Dataset items:
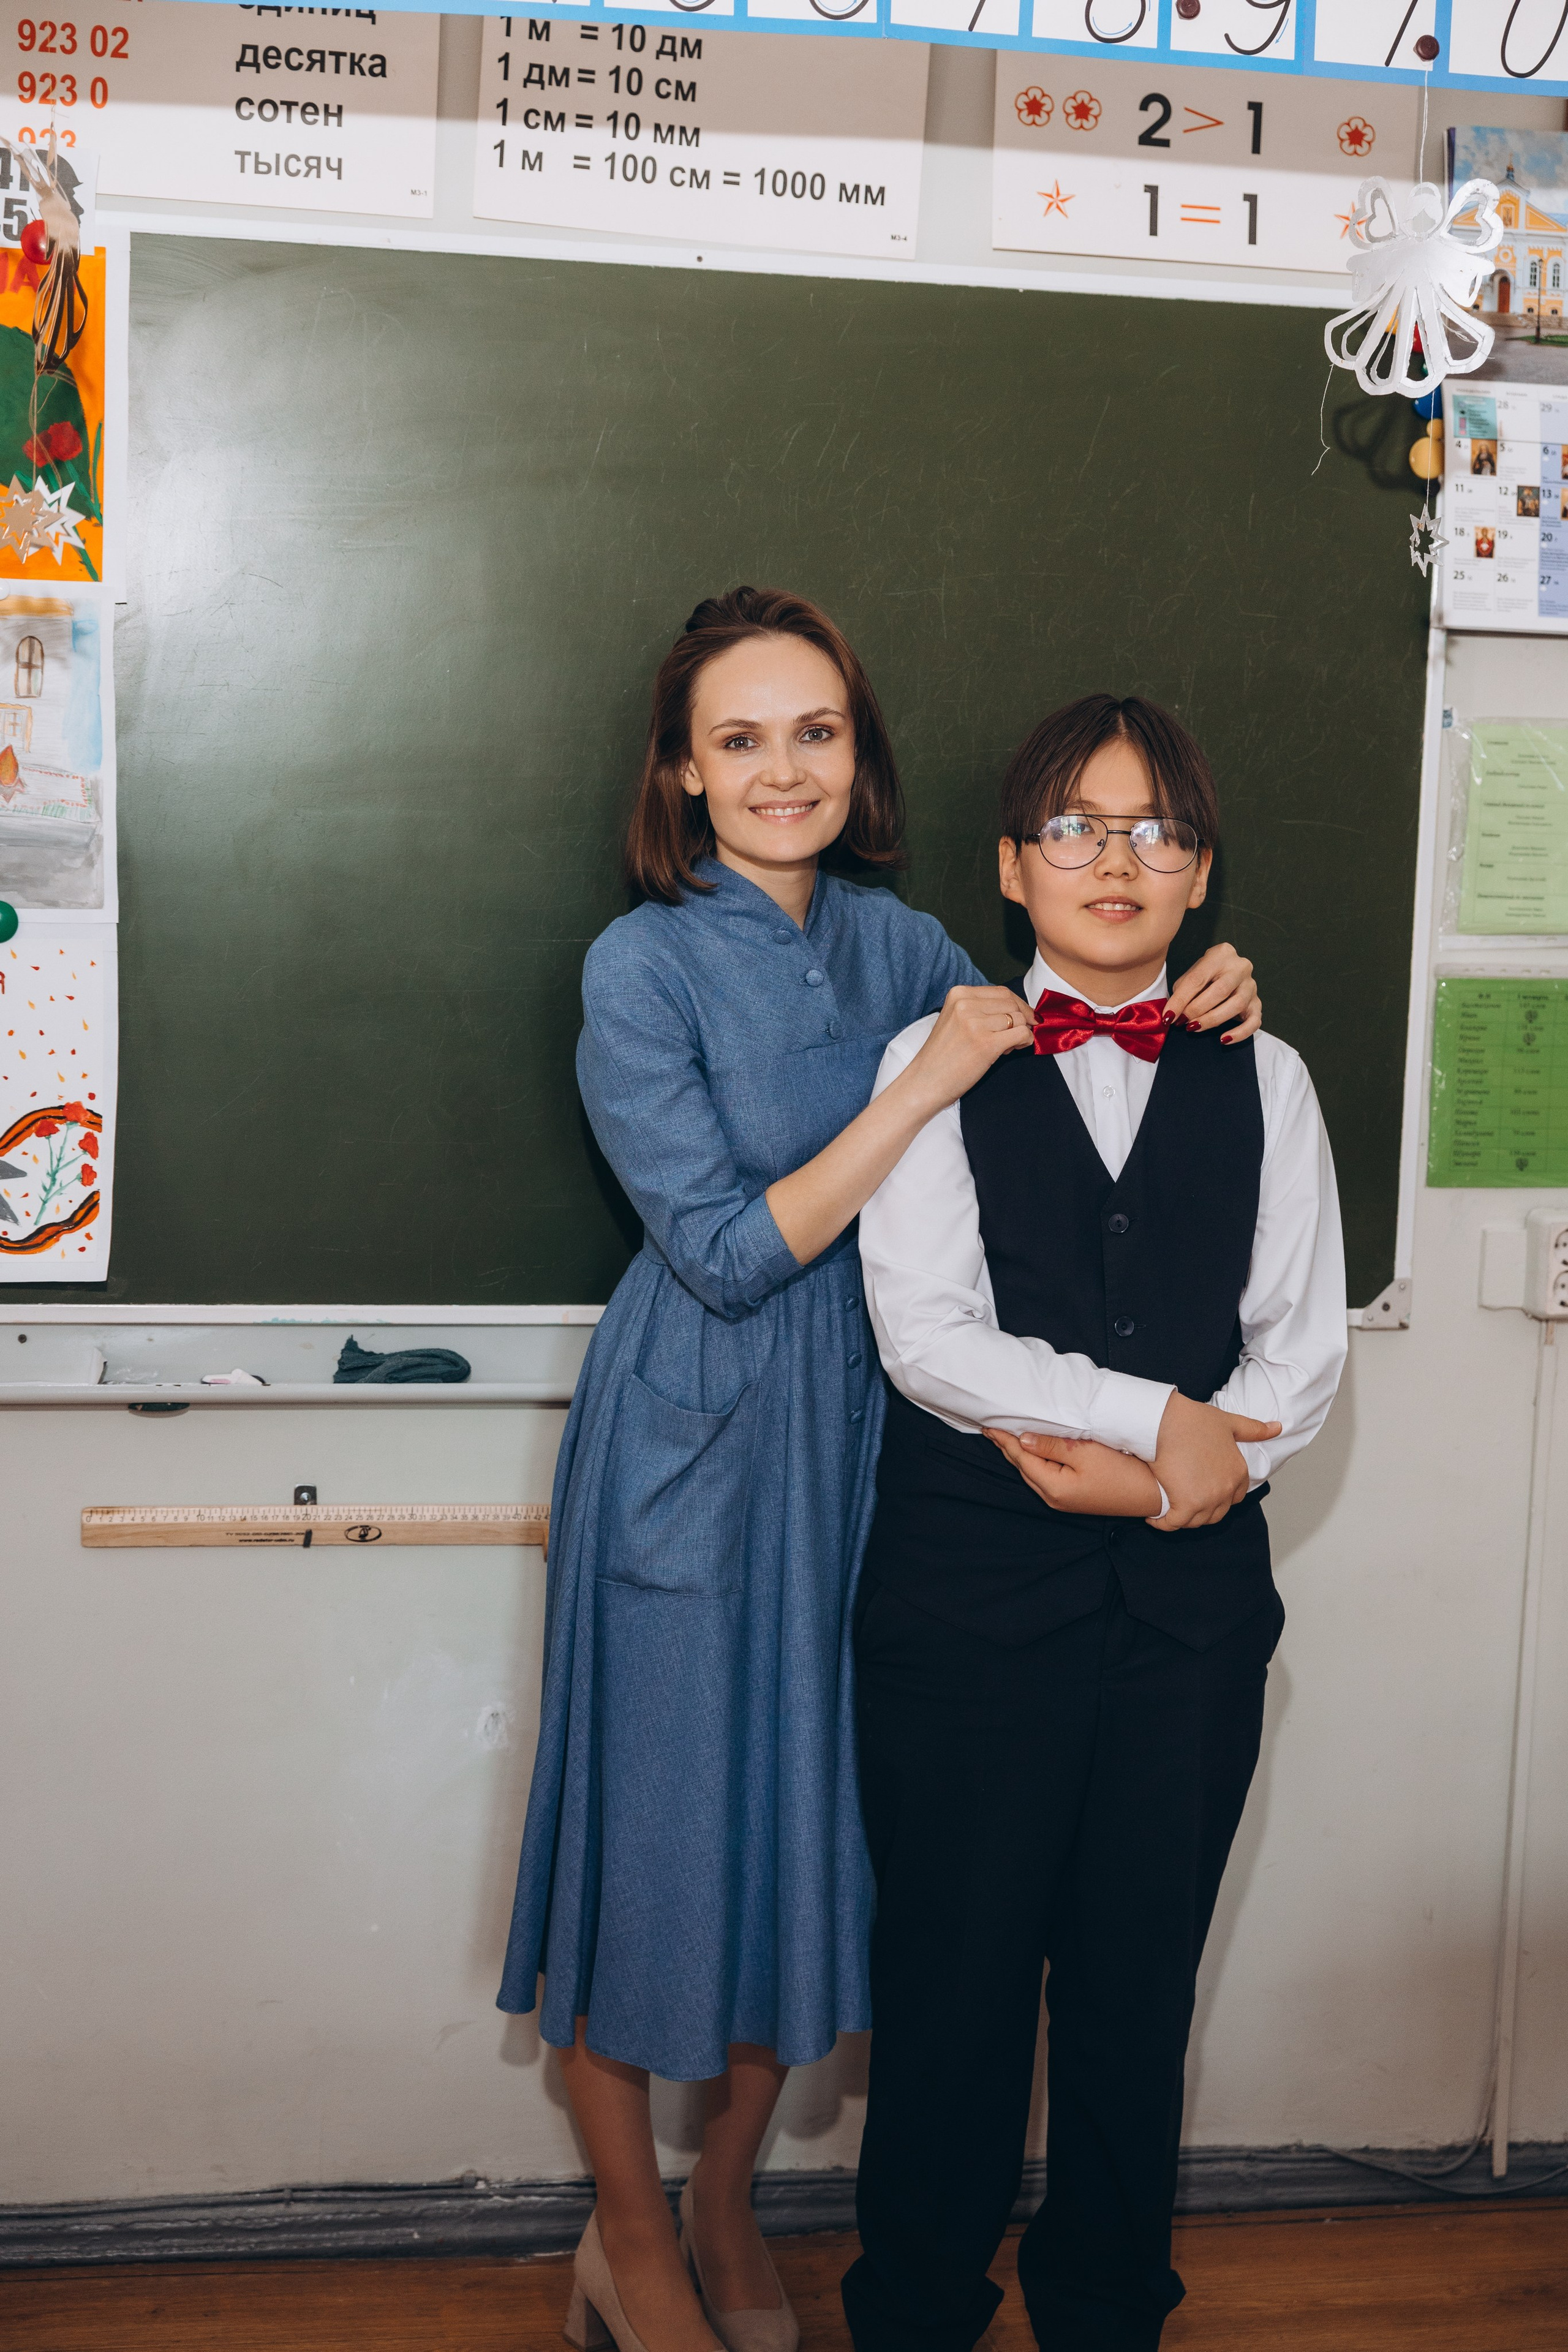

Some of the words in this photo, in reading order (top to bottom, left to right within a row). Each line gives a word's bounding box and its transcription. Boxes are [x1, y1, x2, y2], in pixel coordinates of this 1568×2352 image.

[18, 19, 77, 55] 923
[90, 25, 129, 59] 02
[235, 43, 387, 78] десятка
[500, 17, 511, 37] 1
[529, 19, 551, 42] м
[612, 23, 646, 53] 10
[655, 34, 703, 62] дм
[18, 71, 77, 107] 923
[90, 77, 108, 108] 0
[498, 52, 510, 81] 1
[522, 62, 570, 91] дм
[609, 65, 643, 96] 10
[655, 78, 696, 102] см
[235, 97, 344, 127] сотен
[496, 97, 508, 126] 1
[524, 108, 565, 132] см
[606, 110, 641, 141] 10
[654, 123, 701, 148] мм
[1138, 92, 1172, 148] 2
[1247, 101, 1263, 154] 1
[235, 151, 342, 180] тысяч
[494, 139, 505, 168] 1
[521, 149, 543, 172] м
[605, 151, 657, 184] 100
[669, 166, 710, 190] см
[754, 167, 826, 200] 1000
[839, 182, 885, 206] мм
[1144, 184, 1159, 236] 1
[1243, 193, 1257, 245] 1
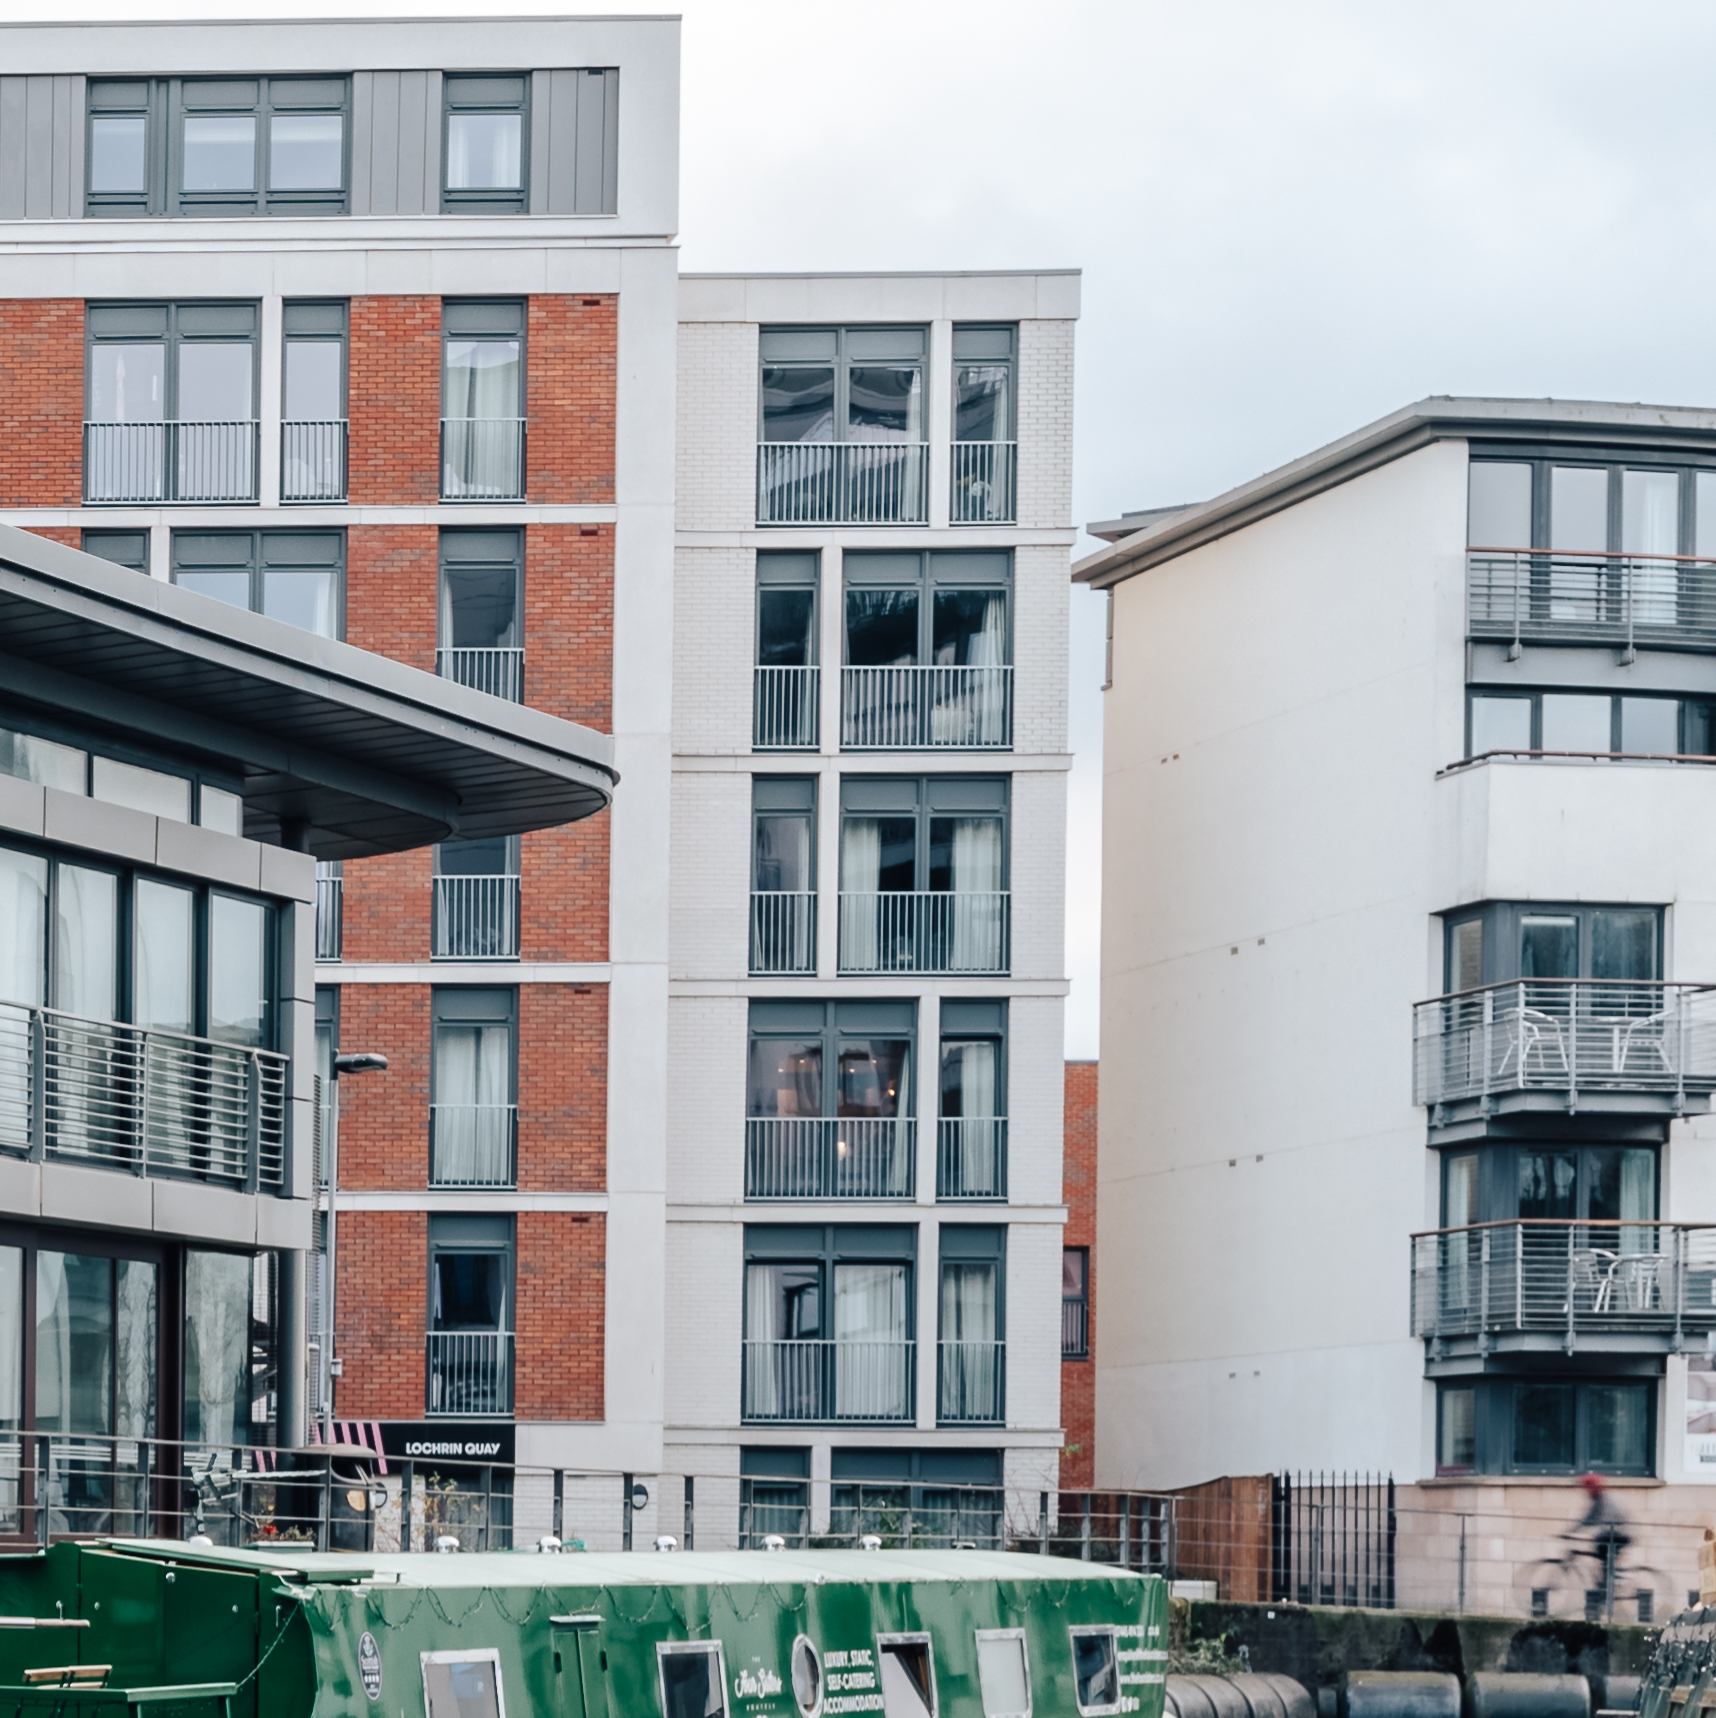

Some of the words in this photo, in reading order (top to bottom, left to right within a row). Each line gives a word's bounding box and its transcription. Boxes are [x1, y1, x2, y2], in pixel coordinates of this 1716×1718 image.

[405, 1442, 462, 1455] LOCHRIN
[464, 1442, 501, 1455] QUAY
[826, 1672, 876, 1691] SELF-CATERING
[822, 1694, 885, 1715] ACCOMMODATION

WHAT YOU WILL DO: What is needed is an exact reprint of every entry, pictures excluded.

RESULT OF THE EXERCISE:
Some of the words in this photo, in reading order (top to bottom, left to right within a row). Each line gives a word's bounding box and its transcription. Boxes are [x1, y1, x2, y2], in pixel coordinates of this 1568×2352 image.

[18, 19, 77, 55] 923
[90, 25, 129, 59] 02
[235, 43, 387, 78] десятка
[500, 17, 511, 37] 1
[529, 19, 551, 42] м
[612, 23, 646, 53] 10
[655, 34, 703, 62] дм
[18, 71, 77, 107] 923
[90, 77, 108, 108] 0
[498, 52, 510, 81] 1
[522, 62, 570, 91] дм
[609, 65, 643, 96] 10
[655, 78, 696, 102] см
[235, 97, 344, 127] сотен
[496, 97, 508, 126] 1
[524, 108, 565, 132] см
[606, 110, 641, 141] 10
[654, 123, 701, 148] мм
[1138, 92, 1172, 148] 2
[1247, 101, 1263, 154] 1
[235, 151, 342, 180] тысяч
[494, 139, 505, 168] 1
[521, 149, 543, 172] м
[605, 151, 657, 184] 100
[669, 166, 710, 190] см
[754, 167, 826, 200] 1000
[839, 182, 885, 206] мм
[1144, 184, 1159, 236] 1
[1243, 193, 1257, 245] 1

Some of the words in this photo, in reading order (top to bottom, left to right within a row). Each line gives a word's bounding box and its transcription. Boxes are [x1, y1, x2, y2], in pixel coordinates of this 1716×1718 image.

[405, 1442, 462, 1455] LOCHRIN
[464, 1442, 501, 1455] QUAY
[826, 1672, 876, 1691] SELF-CATERING
[822, 1694, 885, 1715] ACCOMMODATION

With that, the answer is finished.